TASK INSTRUCTIONS.
Repeat the following entries exactly, excluding pictures.

ENTRIES SHOWN.
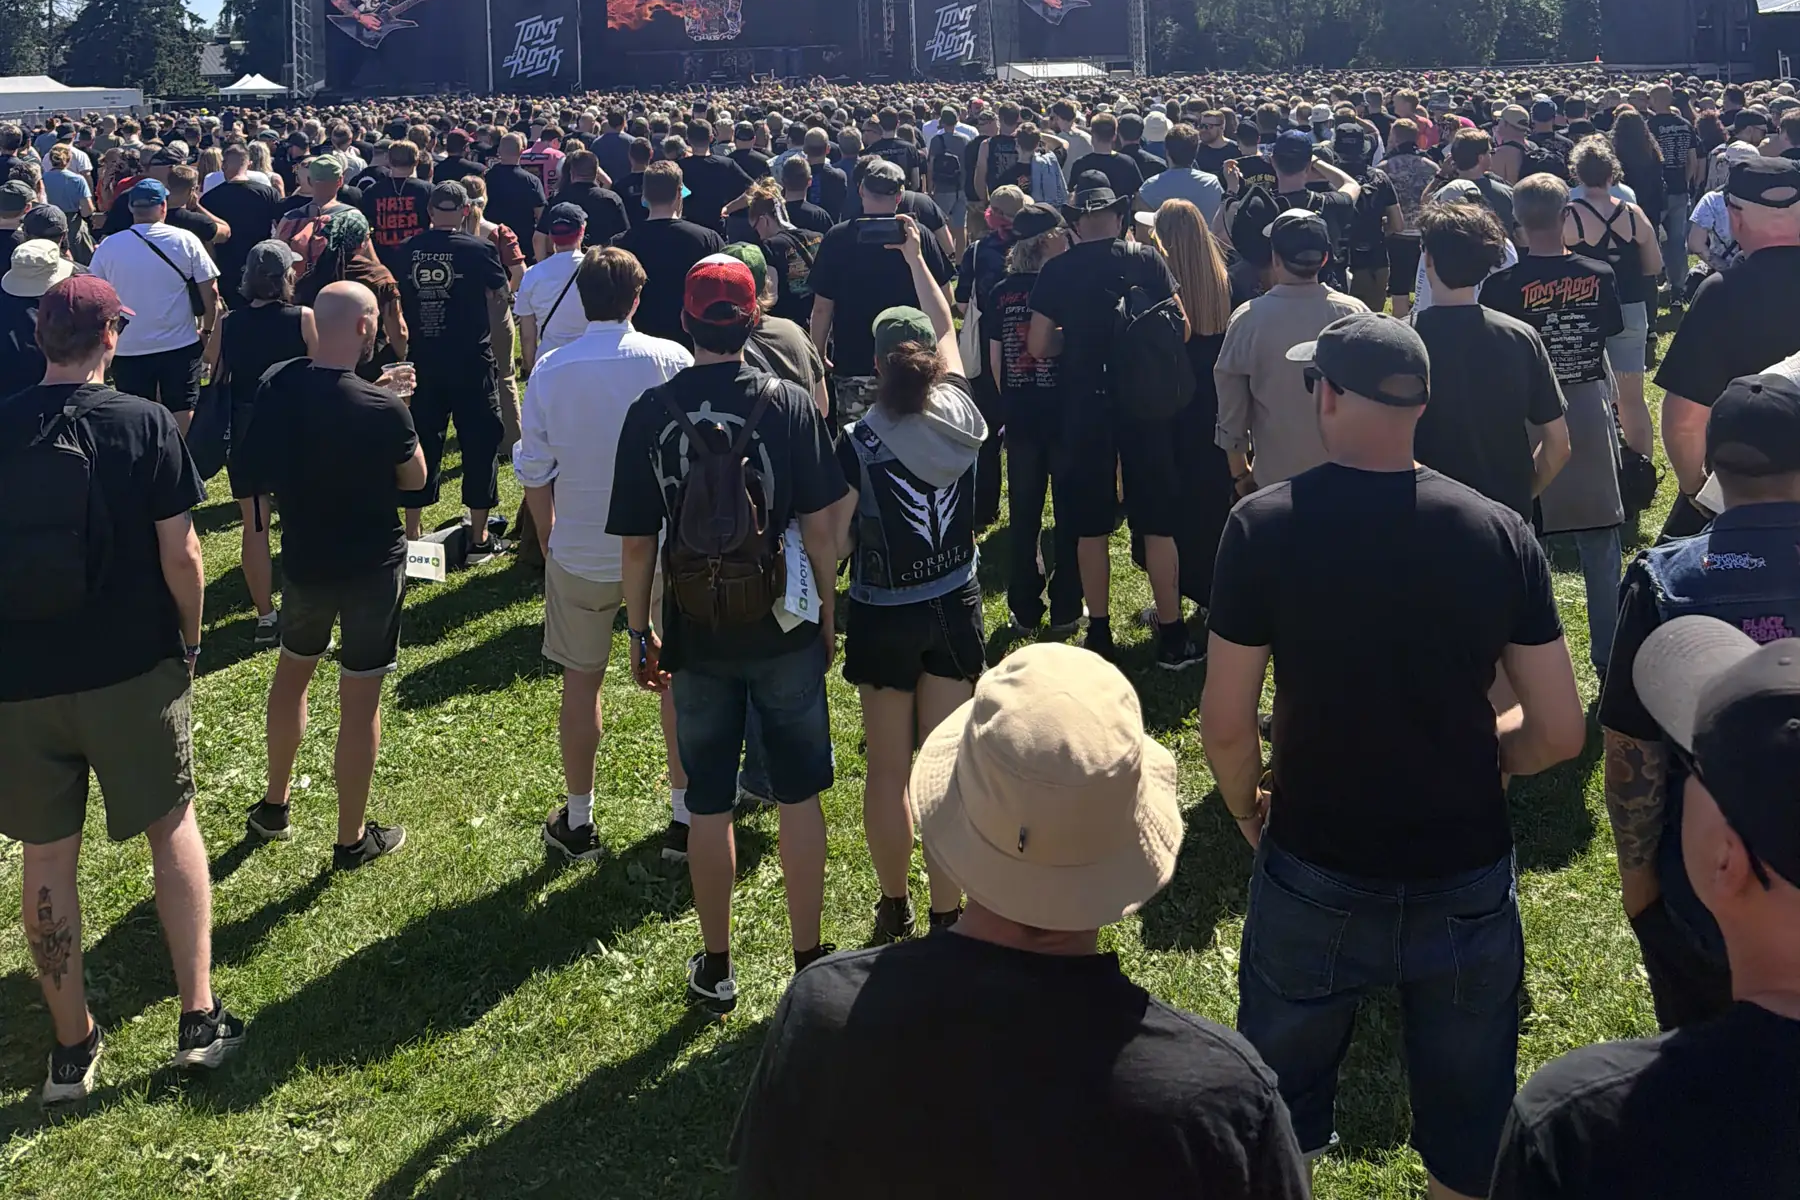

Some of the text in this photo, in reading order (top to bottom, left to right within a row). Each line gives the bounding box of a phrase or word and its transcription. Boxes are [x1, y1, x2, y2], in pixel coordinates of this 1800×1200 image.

[514, 14, 564, 52] TONS
[934, 1, 977, 37] TONS
[925, 30, 978, 62] ROCK
[502, 45, 564, 79] ROCK
[375, 196, 415, 212] HATE
[411, 249, 454, 262] Ayreon
[419, 268, 445, 282] 30
[1559, 275, 1600, 306] ROCK
[901, 549, 969, 581] CULTURE
[912, 545, 960, 570] ORBIT
[1742, 616, 1784, 630] BLACK

OUTPUT BELOW.
Some of the text in this photo, in reading order (top to bottom, left to right within a row). Each line gives the bounding box of a phrase or word and its transcription. Boxes are [x1, y1, x2, y2], in pixel coordinates of this 1800×1200 image.

[514, 14, 564, 52] TONS
[934, 1, 977, 37] TONS
[925, 30, 978, 62] ROCK
[502, 45, 564, 79] ROCK
[375, 196, 415, 212] HATE
[411, 249, 454, 262] Ayreon
[419, 268, 445, 282] 30
[1559, 275, 1600, 306] ROCK
[901, 549, 969, 581] CULTURE
[912, 545, 960, 570] ORBIT
[1742, 616, 1784, 630] BLACK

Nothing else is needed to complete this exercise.